Gran parte de la complejidad de ser Presidente de la República, radica en el hecho de que se debe ser fiel a unos principios personales y de partido, pero que a la vez se debe ser consciente de que no sólo se gobierna para un grupo de electores, sino que, como lo dice el Artículo 188 de la Constitución Política de Colombia: “El Presidente de la República simboliza la unidad nacional”. De allí que las alianzas, que no tienen que llevar necesariamente a la corrupción ni al reparto de la burocracia, sino que pueden estar inspiradas en proyectos políticos comunes, de fondo son necesarias para garantizar una buena gobernabilidad. Tener bancadas fuertes en el Congreso, que sean favorables al ejecutivo, permitirá desarrollar con mayor rapidez los programas de gobierno. Ahora, para tener una buena democracia también es necesaria una buena oposición, desde que esta se encargue de hacer un control político responsable, teniendo claro los intereses del Estado y no simplemente oponiéndose por capricho, sino con argumentos serios.
La invitación es, pues, a que miremos los programas de gobierno, las propuestas y no nos quedemos en criticar, en buscar culpables y en alabar virtudes personales. Es cierto que debemos evaluar qué tan viables, qué tan reales son las propuestas, para tampoco irnos al extremo de la demagogia y el populismo, prometer y prometer, cuando se sabe que no se puede cumplir… No todo deben ser cifras frías, pero sin duda debemos exigir una buena planeación por parte de quien aspira a gobernar un país que es tan distinto de una región a otra.

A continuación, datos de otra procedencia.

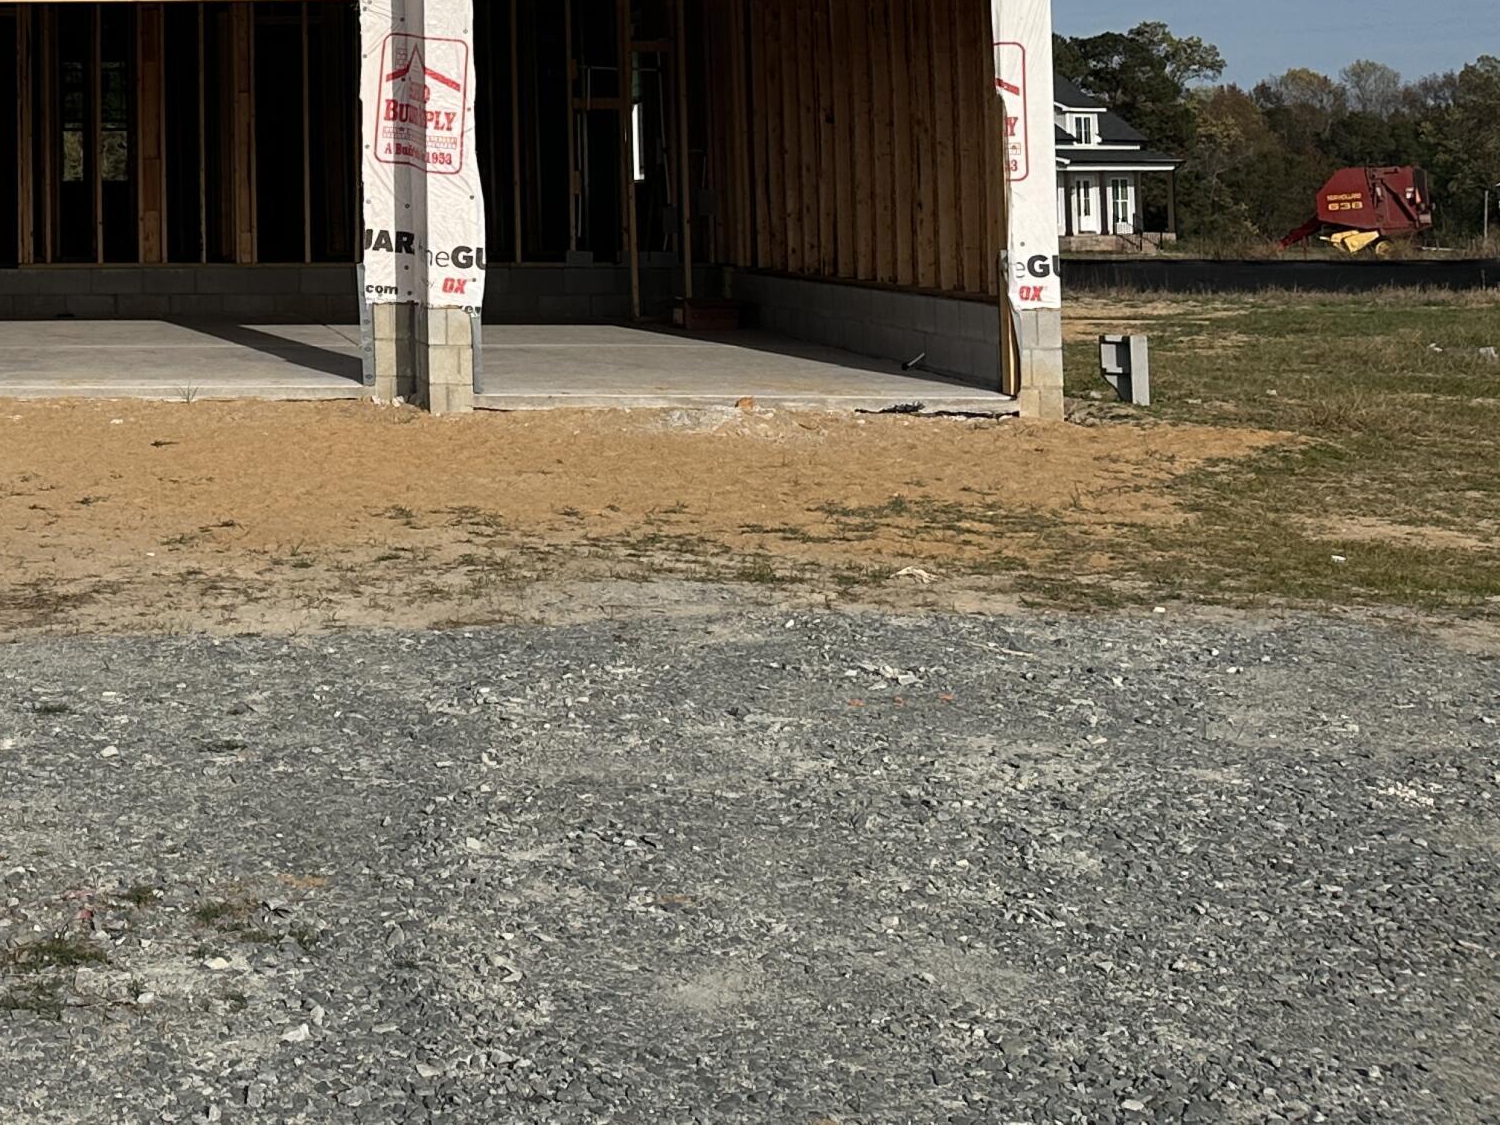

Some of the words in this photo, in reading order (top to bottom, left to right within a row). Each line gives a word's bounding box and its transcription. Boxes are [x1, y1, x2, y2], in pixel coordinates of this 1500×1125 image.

Pero la principal invitación que debemos transmitir a las personas más cercanas, consiste en salir a votar, y hacerlo de forma responsable. Ejercer nuestro derecho también es cumplir con nuestro deber y, en parte, hacer aunque sea un pequeño homenaje a quienes dieron sus vidas para que hoy podamos participar como ciudadanos. No podemos olvidar la historia política, solamente porque hoy nos parezca algo normal y hasta opcional el depositar nuestro voto en las urnas. Las cosas no siempre han sido como las vemos ahora.
Beatriz Campillo es Politóloga, miembro del Centro Colombiano de Bioética (CECOLBE), autora del Blog "Ciencias Políticas, Bioética y Bioderecho".